O Tribunal da Relação de Lisboa determinou, esta terça-feira, que o arguido no âmbito da Operação Fénix Jorge Manuel Vieira de Sousa, aguarde julgamento em prisão preventiva, disse à agência Lusa fonte judicial.

De acordo com esta fonte daquele tribunal, o arguido encontrava-se em prisão domiciliária, com pulseira eletrónica, medida de coação determinada pelo tribunal de primeira instância.

O Ministério Público (MP) recorrera desta medida, tendo o Tribunal da Relação de Lisboa dado razão ao recurso e estabelecido a medida de coação de prisão domiciliária, acrescentou a mesma fonte.

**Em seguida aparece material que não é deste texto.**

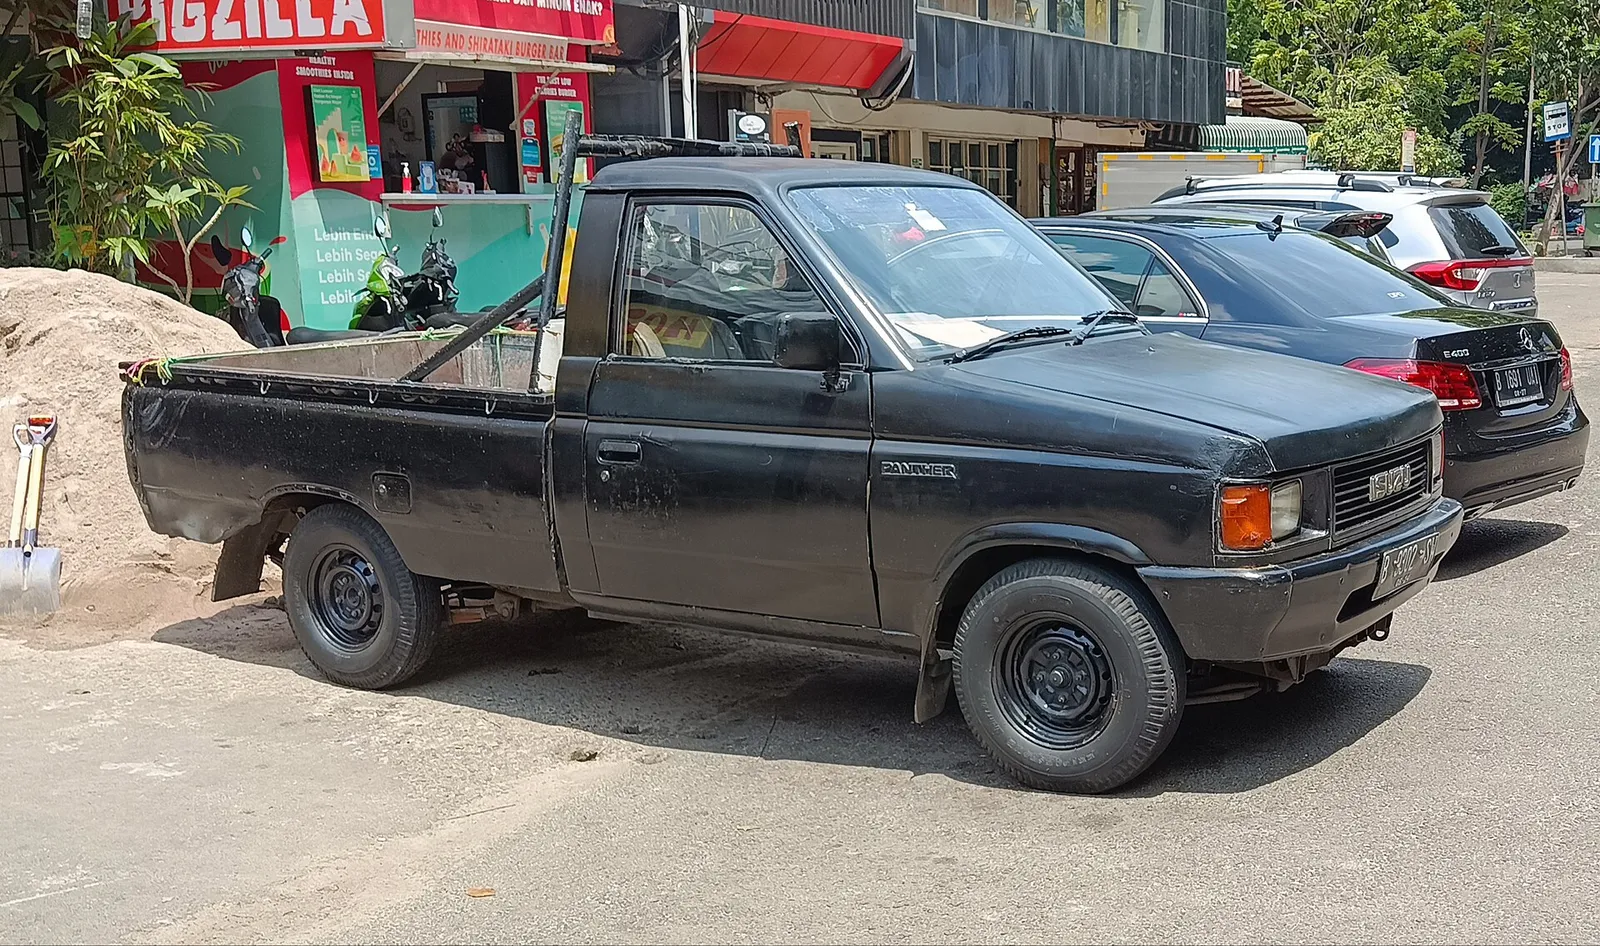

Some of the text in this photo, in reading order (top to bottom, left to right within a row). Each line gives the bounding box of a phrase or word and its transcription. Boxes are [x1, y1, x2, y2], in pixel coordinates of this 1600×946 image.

[574, 1, 603, 16] ENAK?
[445, 32, 464, 50] AND
[468, 35, 513, 56] SHIRATAKI
[515, 41, 546, 59] BURGER
[549, 46, 564, 60] BAR
[296, 66, 332, 78] SMOOTHIES
[1547, 122, 1567, 132] STOP
[314, 226, 351, 242] Lebih
[316, 247, 353, 263] Lebih
[318, 268, 355, 284] Lebih
[320, 289, 357, 305] Lebih
[1443, 348, 1470, 359] E400
[1494, 371, 1502, 391] B
[1504, 368, 1523, 390] 1691
[881, 461, 957, 479] PANTHER
[1369, 462, 1411, 502] ISUZU
[1380, 554, 1391, 584] B

Com Jorge Manuel Vieira de Sousa passam a quatro os arguidos em prisão preventiva, no âmbito da Operação Fénix, relacionada com a utilização ilegal de seguranças privados.

Os arguidos foram acusados de associação criminosa, exercício ilícito da atividade de segurança privada, extorsão, coação, ofensa à integridade física qualificada, ofensas à integridade física grave, agravadas pelo resultado, tráfico, posse de arma proibida e favorecimento pessoal.

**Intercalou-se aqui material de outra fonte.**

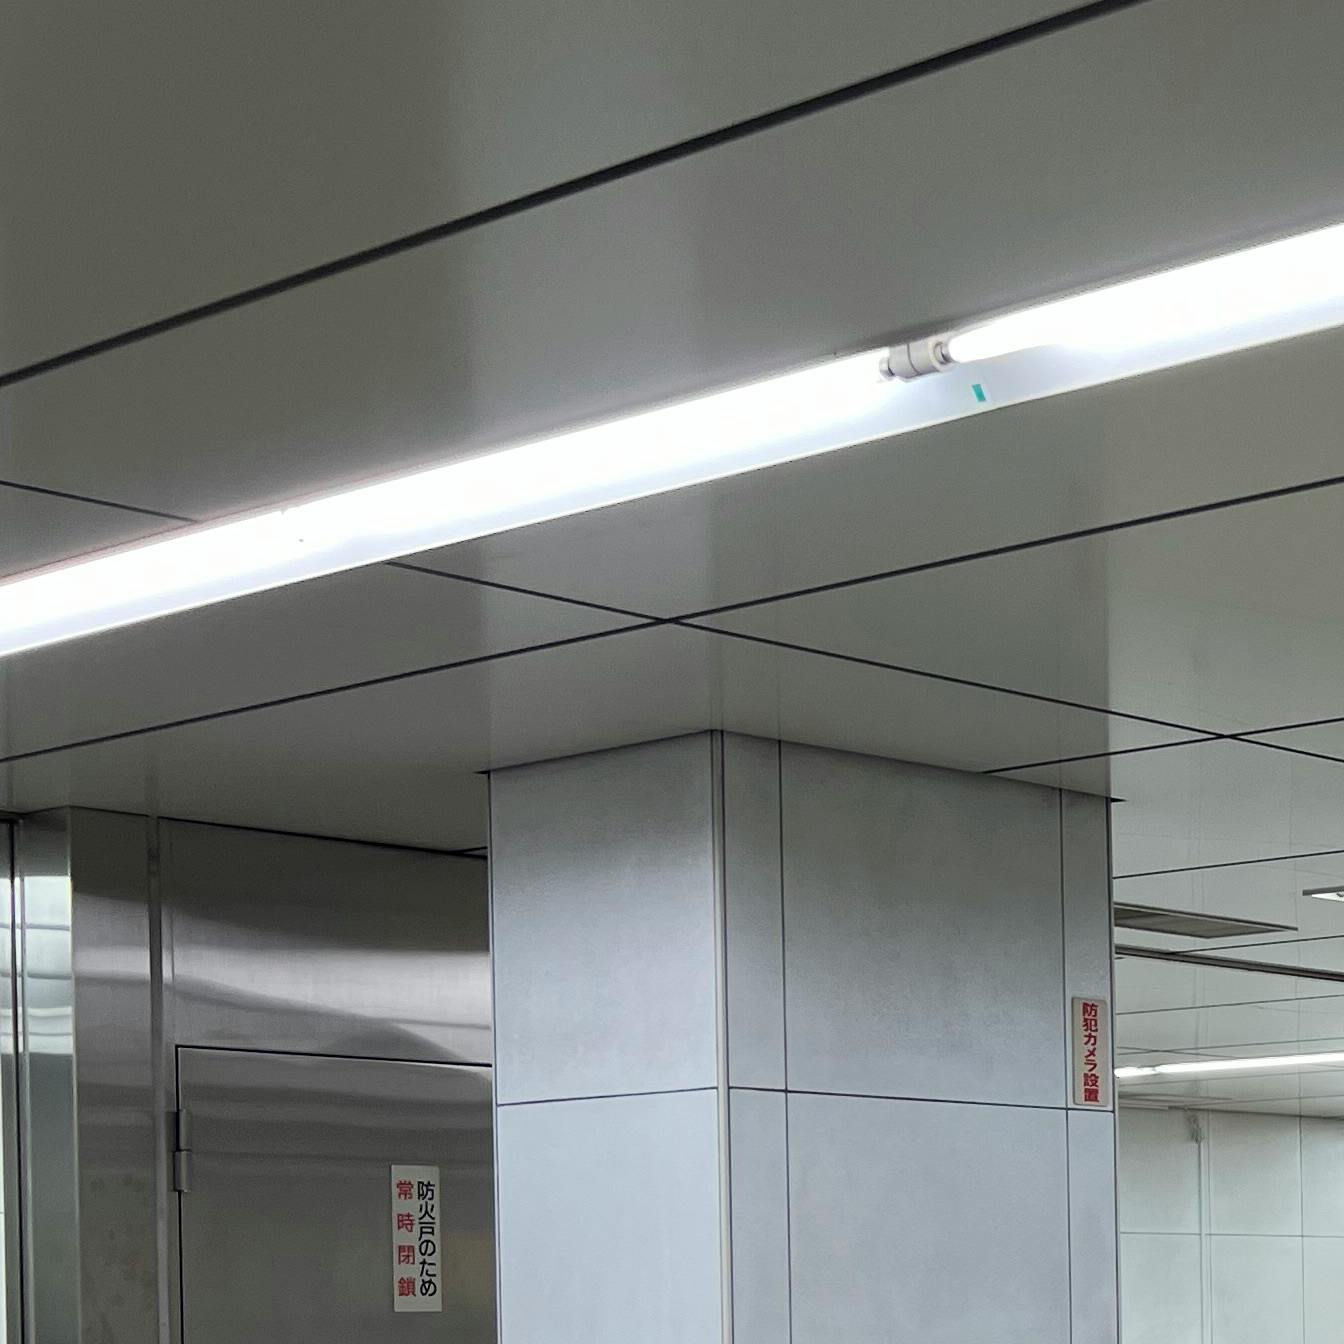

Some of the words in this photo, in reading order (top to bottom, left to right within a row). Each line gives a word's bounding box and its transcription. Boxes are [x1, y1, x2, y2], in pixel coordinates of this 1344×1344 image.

A 29 de abril, o Tribunal Central de Instrução Criminal (TCIC) decidiu levar a julgamento 54 arguidos da Operação Fénix, incluindo o presidente do Futebol Clube do Porto, Pinto da Costa, e o administrador da SAD do clube, Antero Henriques.

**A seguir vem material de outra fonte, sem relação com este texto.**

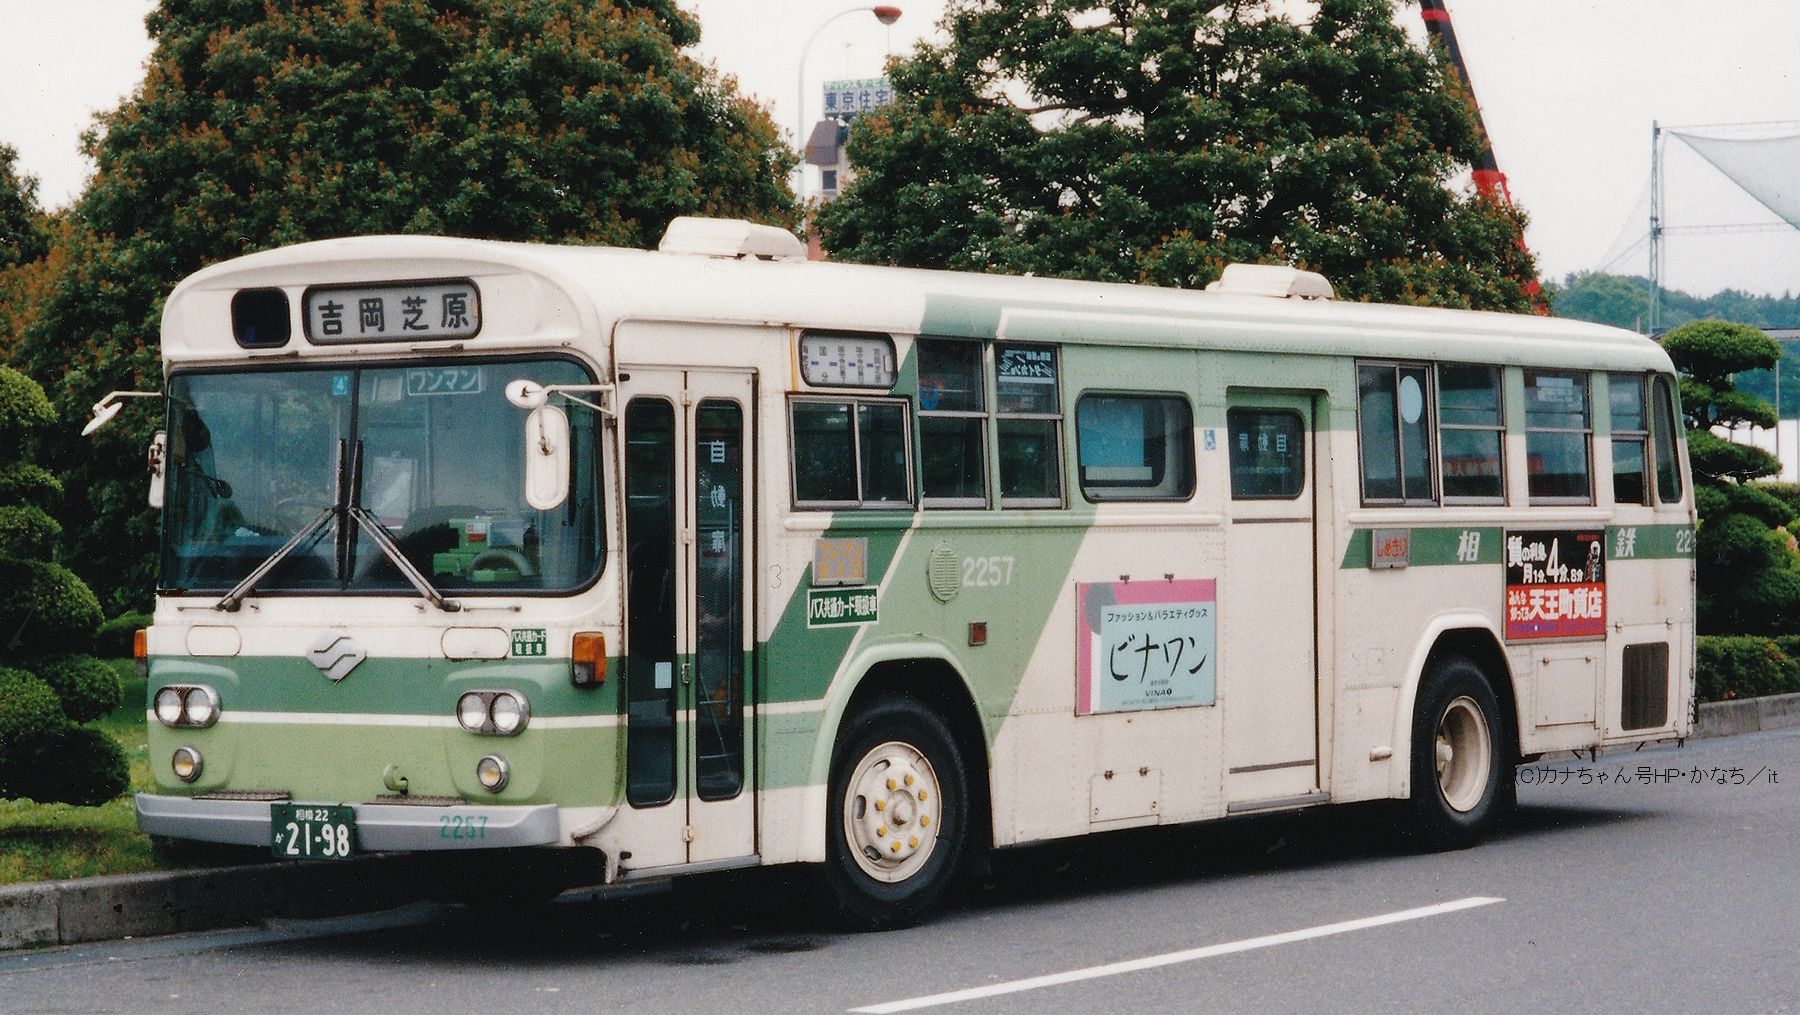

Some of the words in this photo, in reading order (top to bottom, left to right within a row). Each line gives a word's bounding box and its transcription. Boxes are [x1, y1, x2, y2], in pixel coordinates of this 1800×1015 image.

[318, 292, 470, 336] 吉岡芝原
[410, 369, 478, 391] ワンマン
[1457, 530, 1480, 562] 相
[1614, 527, 1637, 558] 鉄
[963, 556, 1015, 588] 2257
[1109, 633, 1208, 685] ビナワン
[286, 821, 350, 857] 21-98
[439, 815, 489, 840] 2257

Jorge Nuno Pinto da Costa está acusado de sete crimes de exercício ilícito da atividade de segurança privada, enquanto Antero Henriques responde por seis crimes idênticos.

O juiz Carlos Alexandre pronunciou também a empresa Segurança Privada e Vigilância em Eventos (SPDE), por um crime de associação criminosa e outro de exercício ilícito de atividade de segurança privada, e o sócio-gerente, Eduardo Jorge Lopes Santos Silva, por crimes de associação criminosa, exercício ilícito da atividade da segurança privada e detenção de arma proibida.

Com esta decisão, o TCIC leva a julgamento, em tribunal coletivo, os 54 arguidos por factos que já constavam da acusação do Ministério Público.

Além da segurança privada ilegal, o MP sustenta que o grupo também se dedicava às chamadas “cobranças difíceis”, ou seja, exigia, com uso de violência física ou ameaças, o pagamento de alegadas dívidas.

No decurso da investigação realizaram-se mais de cinco dezenas de buscas em várias zonas do país - Lisboa, Porto, região do Vale do Sousa, Braga e Vila Real -, tendo sido apreendidas diversas viaturas, dinheiro, armas e documentação.